L’iconografia paleocristiana

di Luciano De Bruyne

L’articolo corrisponde alla voce «Iconografia cristiana antica», in Enciclopedia Cattolica, Città del Vaticano 1948-1954, vol. VI, coll. 1546-1551.

Nel gruppo delle scienze filosofiche storiche che si occupano della ricostruzione scientifica dell’«orbis christianus antiquus», l’iconografia paleocristiana ha il compito di rintracciare nei prodotti dell’arte cristiana antica tutte le informazioni che possono far luce sulla cultura cristiana dei primi tempi. La sua attività quindi si svolge in base a quei monumenti e a quei resti monumentali che offrono rappresentazioni figurate, studiate non come creazioni artistiche corrispondenti a fini estetici (punto di vista riservato alla storia dell’arte), ma nel loro contenuto.

Considerata in un primo tempo come scienza piuttosto analitica e descrittiva (iconografia), limitata alla ricerca del vero significato dei temi e motivi iconografici e del metodo scientifico per scoprirlo, l’iconografia, sempre più intenta ai fini storici ed aiutata da una progressiva chiarificazione delle leggi proprie, è andata trasformandosi in questi ultimi tempi in una scienza più «penetrativa» e sintetica, cui converrebbe meglio il nome di iconologia.

Essa, infatti, non limita più i suoi sforzi all’identificazione del soggetto, alla descrizione di figure o scene e delle successive evoluzioni grafiche per cui passò l’espressione figurata, alla costituzione di gruppi più o meno ben classificati. L’opera d’arte, considerata come manifestazione di un pensiero e al servizio di finalità superiori, dopo determinato il suo genere figurativo (simbolico, tipologico, allegorico, ciclico o narrativo), non soltanto viene situata nella catena generale degli sviluppi genetici dell’arte cristiana reperibili tanto nello spazio quanto nel tempo, ma pure studiata in tutti i suoi elementi costitutivi, anche quelli più nascosti, fino a raggiungere, attraverso le varie interferenze ideologiche concorrenti alla sua elaborazione, l’intero concetto ispiratore cui deve la sua esistenza. L’«immagine» creata per servire da veicolo di idee e di sentimenti tra l’ideatore e chi contempla, per l’iconologo diventa viceversa segno, simbolo, specchio, documento ricco d’informazioni sulle credenze, gli stati d’animo, i modi di vedere, gli usi, gli scopi di una determinata religione o civiltà.

Tra l’iconografia e la storia dell’arte vi è una certa differenza, ma differenza non significa, o non dovrebbe significare, antagonismo, giacché l’una è sussidio e completamento dell’altra. Anche se in certi casi diventa difficile stabilire dove finisce il compito dell’iconografo e comincia, invece, quello dello storico dell’arte o viceversa, in linea di massima si può dire che per il primo l’elemento formale, come tale, non ha un interesse diretto (anche una rappresentazione priva di bellezza rimane per lui preziosa testimonianza) mentre, per il secondo, anche se intenda raggiungere attraverso la creazione artistica il mondo interiore del creatore, la qualità estetica, stilistica e tecnica e le sue vicende sono di primaria importanza.
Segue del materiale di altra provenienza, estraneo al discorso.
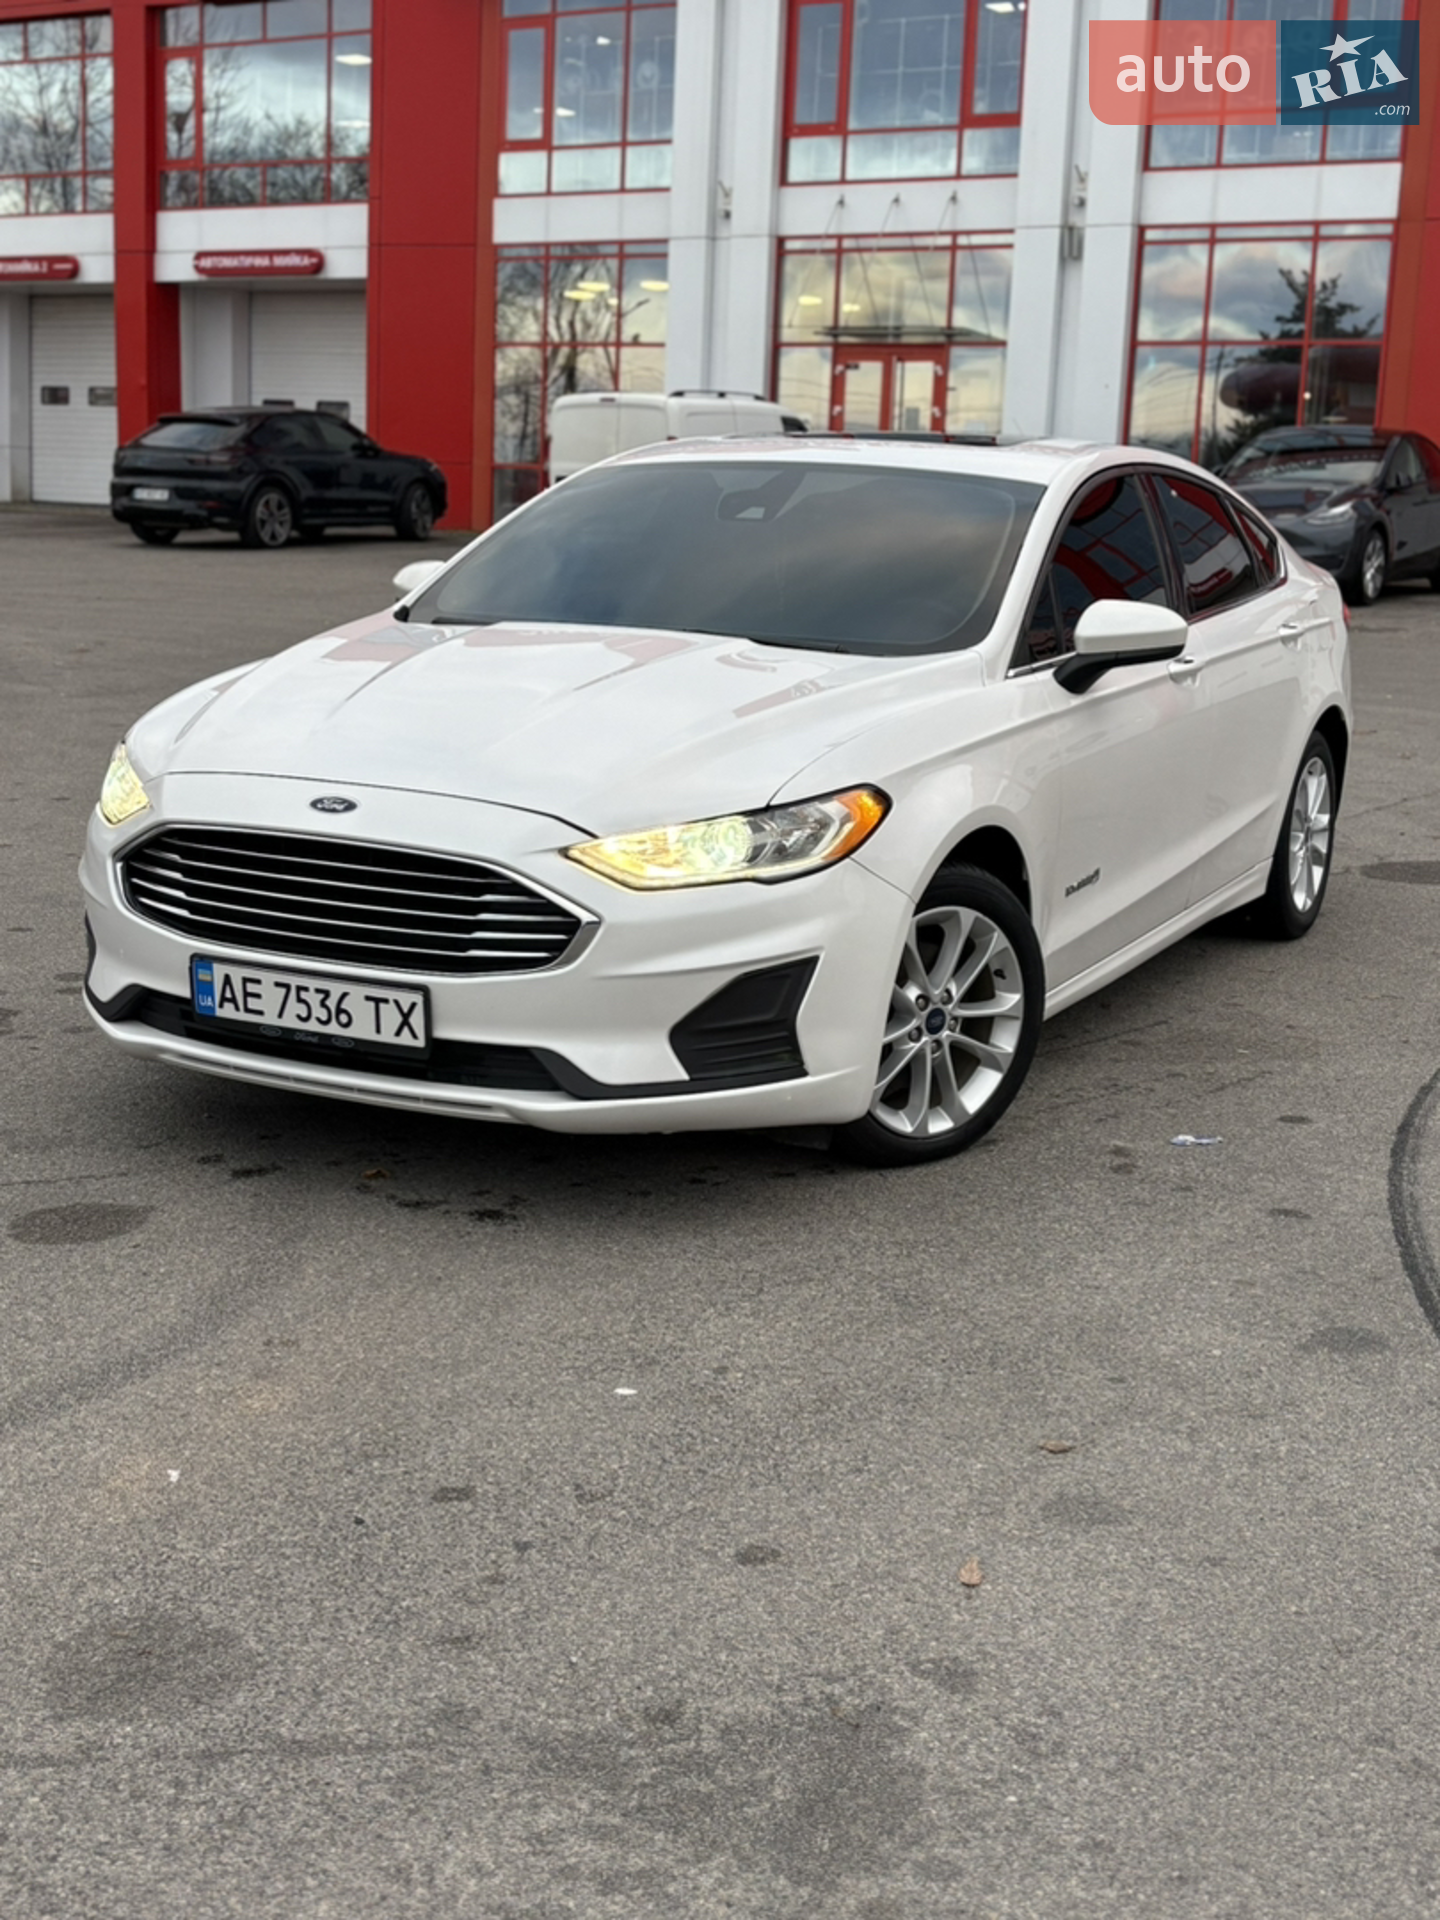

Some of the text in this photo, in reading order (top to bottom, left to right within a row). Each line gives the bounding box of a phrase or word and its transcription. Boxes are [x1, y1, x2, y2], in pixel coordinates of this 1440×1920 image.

[198, 995, 214, 1008] UA
[218, 973, 419, 1041] AE 7536 TX
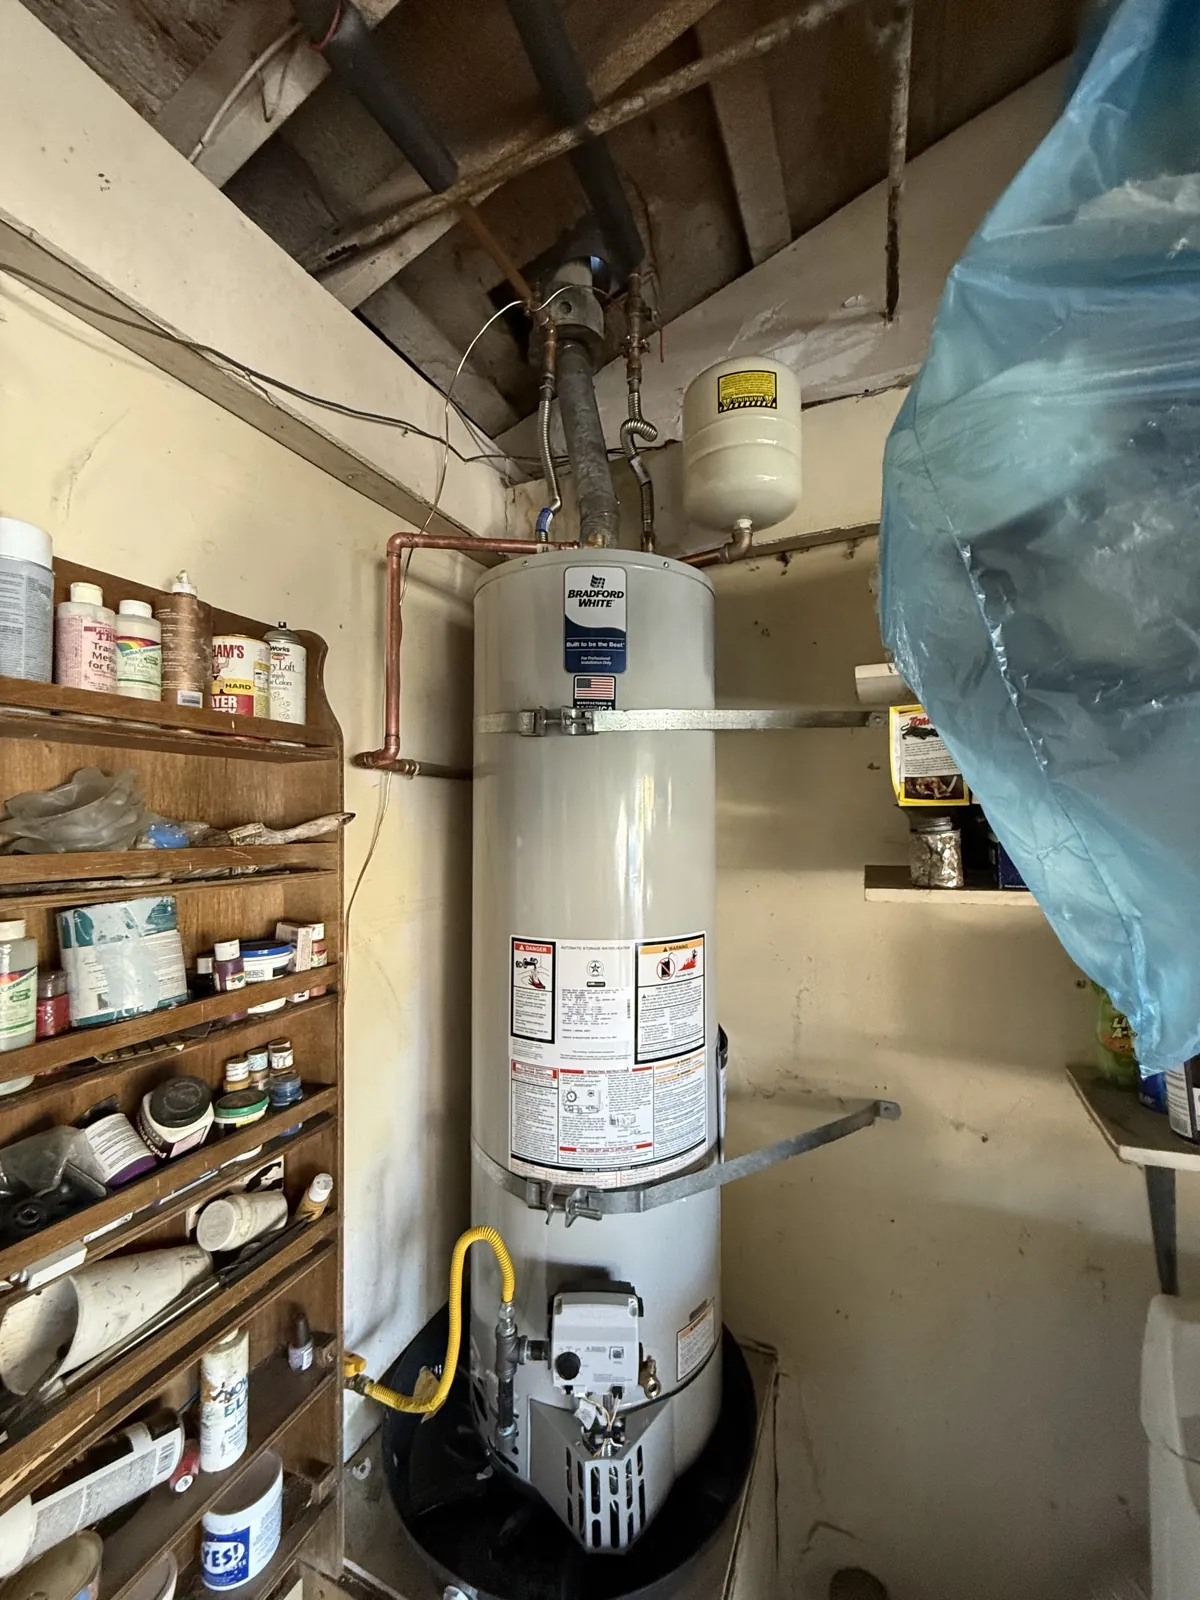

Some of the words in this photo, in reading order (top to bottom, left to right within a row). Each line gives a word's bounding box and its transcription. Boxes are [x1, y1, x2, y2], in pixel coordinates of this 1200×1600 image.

Le due scienze non si possono però del tutto separare; si debbono piuttosto orientare verso una stretta collaborazione. Lo studio genetico dei temi iconografici è addirittura impossibile senza chiare delimitazioni geografiche e datazioni cronologiche sicure, ottenute appunto spesse volte unicamente per via di analisi stilistica, mentre l’analisi degli schemi e la valutazione dei gruppi o complessi iconografici può premunire la ricerca stilistica contro deviazioni ed errori nelle proprie conclusioni. Se tutte due le scienze, insomma, hanno come oggetto materiale le creazioni figurate, ciò che è fine per l’una diventa quasi sempre mezzo per l’altra.

Scienza ausiliaria della storia dell’arte cristiana, l’iconografia lo è anche in alcuni casi della teologia, nella misura in cui riesce ad illustrare i vari e successivi aspetti della fede e delle credenze popolari riflessi nelle opere d’arte.
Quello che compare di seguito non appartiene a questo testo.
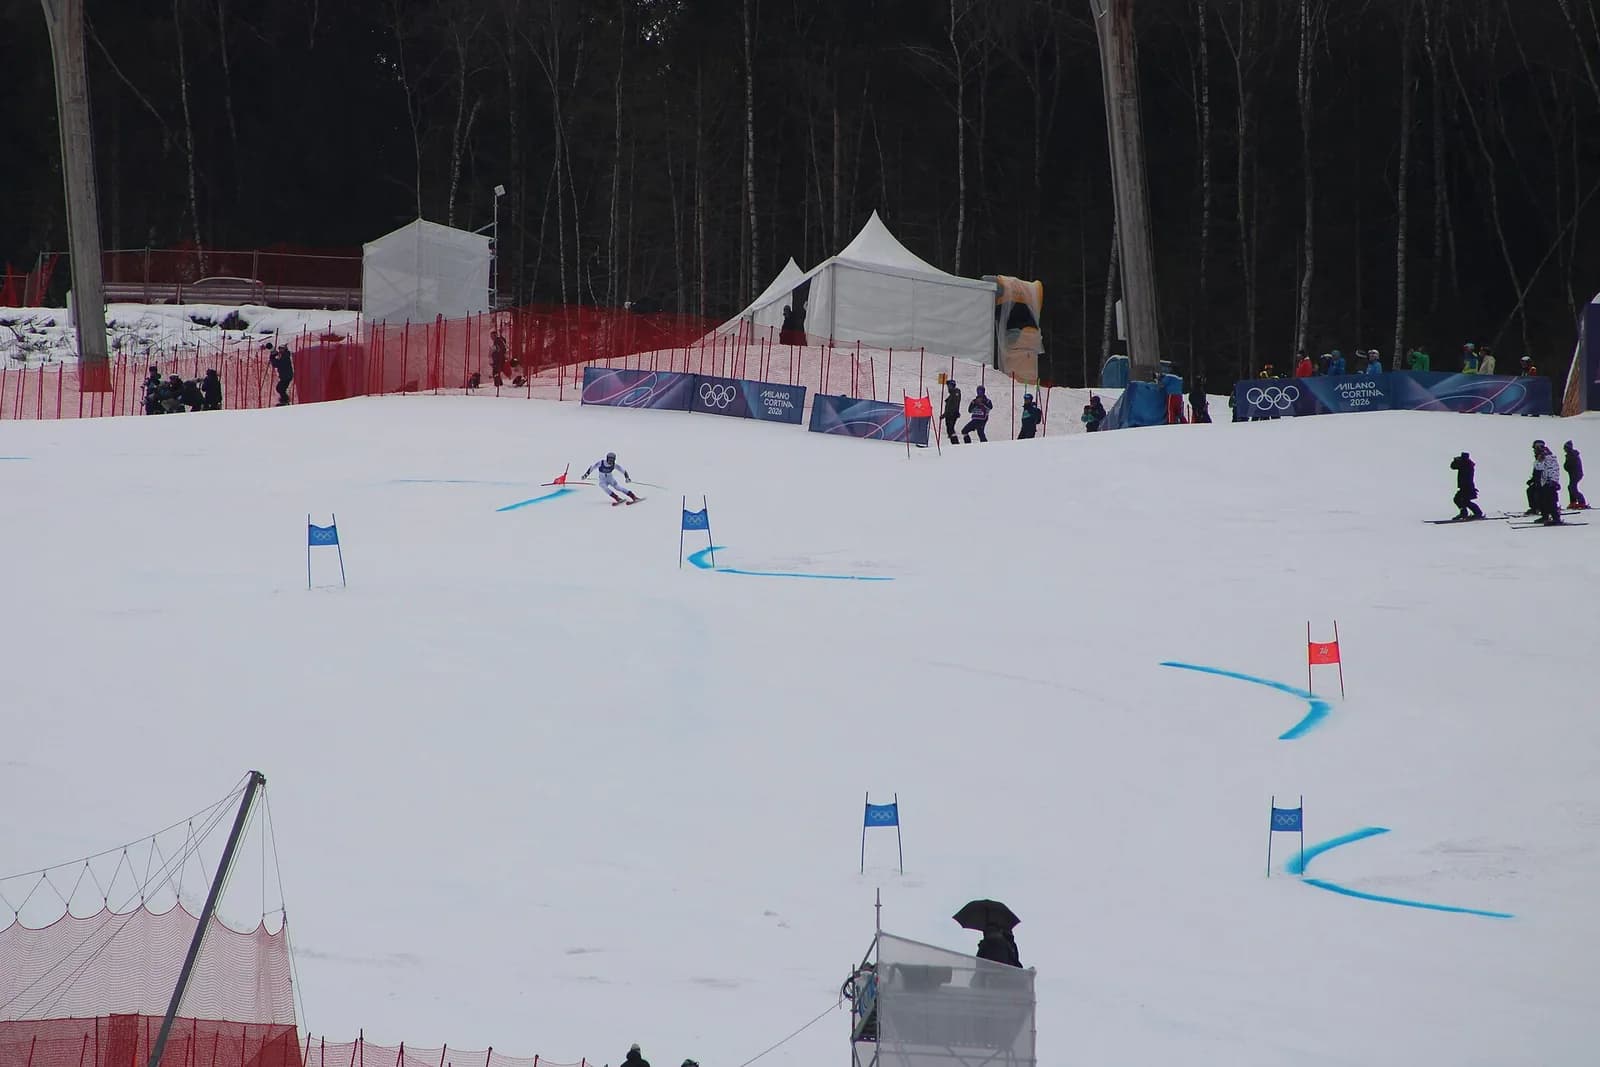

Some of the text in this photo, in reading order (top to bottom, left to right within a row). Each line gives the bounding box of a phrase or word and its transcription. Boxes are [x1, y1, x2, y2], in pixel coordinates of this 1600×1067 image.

Vasto è il materiale sul quale si stende la ricerca iconografica. Esclusi i motivi puramente decorativi, presi in considerazione solo per quanto possano offrire criteri di datazione o di provenienza, il repertorio iconografico comprende le rappresentazioni di Dio e delle Persone della S.ma Trinità, degli angeli buoni e cattivi, della Beata Vergine e dei santi, dei fatti del Vecchio e del Nuovo Testamento, della Chiesa e della sua missione, degli avvenimenti escatologici, dei riti liturgici, e tutti i segni simbolici o tutte le composizioni allegoriche di carattere dogmatico o morale, o che siano in qualche maniera espressione di fede, di devozione o di culto.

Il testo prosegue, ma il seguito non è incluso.